After a short run, Prien reached the entrance of Kirk Sound. This time he took the southern path, through the blockship Minich and the coast of Lamb Holm – the gap Donitz had recommended. Despite strong currents, in excess of ten knots now running through the channel, Prien and his crew managed to pass the southern blockship “with nothing to spare.” Clear of the blockships and the restraining cables, Prien ordered for flank speed ahead towards Holm Sound. At 2.15am, he logged, “we are once more outside”
Prien saluted his brave crew, and broke the shattering news to them. The U-47 had crept into the impregnable Scapa Flow, sunk a battleship, damaged another (to his misjudgment) and successfully crept out. Their faith in the mission and the crew who executed them, was completely vindicated. He let them cheer and announced “we are going home”. The mood was one of celebration, but U-47 still maintained radio silence.
Across the Flow, the news of the Royal Oak caused a universal upheaval within the ranks of the Admiralty. The British were still debating the cause of the sinking. Reports had suggested internal explosions, yet others had pointed to German aircraft. But amongst the survivors was Captain Benn, the commanding officer of the Royal Oak. He was convinced that his ship had fell victim to torpedo attack. The loss of the ship with over 800 of its crew was bad news enough; but a torpedo attack in Scapa Flow? Senior Naval officers rejected that notion. But to put the matter to rest once and for all, it was decided to send divers down to investigate.

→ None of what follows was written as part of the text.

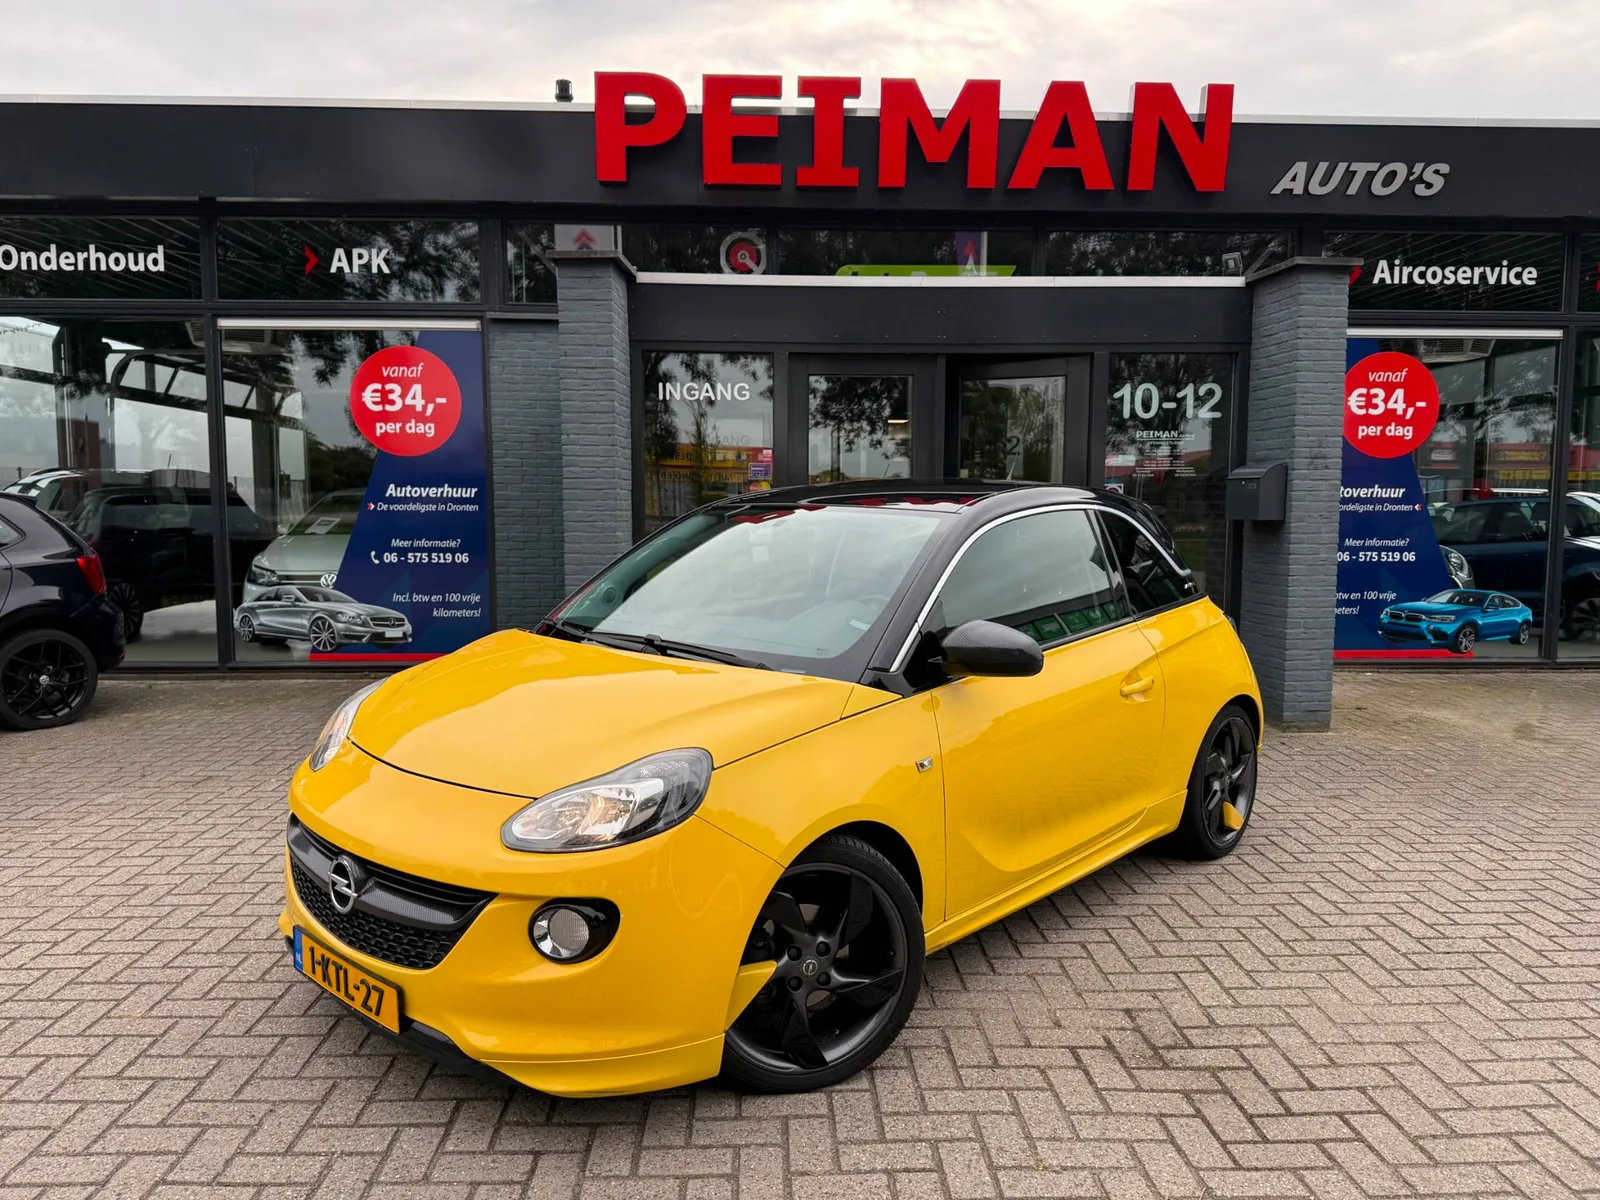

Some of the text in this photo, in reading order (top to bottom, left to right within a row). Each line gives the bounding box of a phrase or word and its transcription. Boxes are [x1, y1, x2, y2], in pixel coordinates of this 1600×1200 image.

By the first light of day, divers reached the wreck site. Lying in less than 100 feet of water, the giant hull of the mighty battleship was clearly discernible on the clear sunny day. Hundreds of bodies littered the bottom of the ocean floor. Divers were instructed to knock on the steel structure to see if any survivors were still trapped below decks. The structure was still intact, the guns and decks were still attached. But there were three big holes, gaping low down in the hull. The divers concentrated their search in the areas surrounding the holes, and found what they were looking for - the propeller of a German torpedo. That placed the matter beyond doubt and silenced the mouths of the disbelieving officers. Royal Navy destroyers were dispatched to comb the basin at Scapa Flow. Prien was long gone, but it was a week before the search was called off.
The sad news was broken to the public on the same day. The BBC announced the sinking of the Royal Oak, adding that the attacking U-boat had also been sunk. Donitz first learnt about the news of Prien’s feat through the BBC, but pending any news from Prien, all public comment and festivities were withheld. Details were sketchy, but it was clear to him that U-47 had crept into Scapa Flow and had sunk a battleship. But did U-47 successfully make it out of the British base? It was not until the early hours of October 16, when Prien broke radio silence that Donitz was beaming with pride.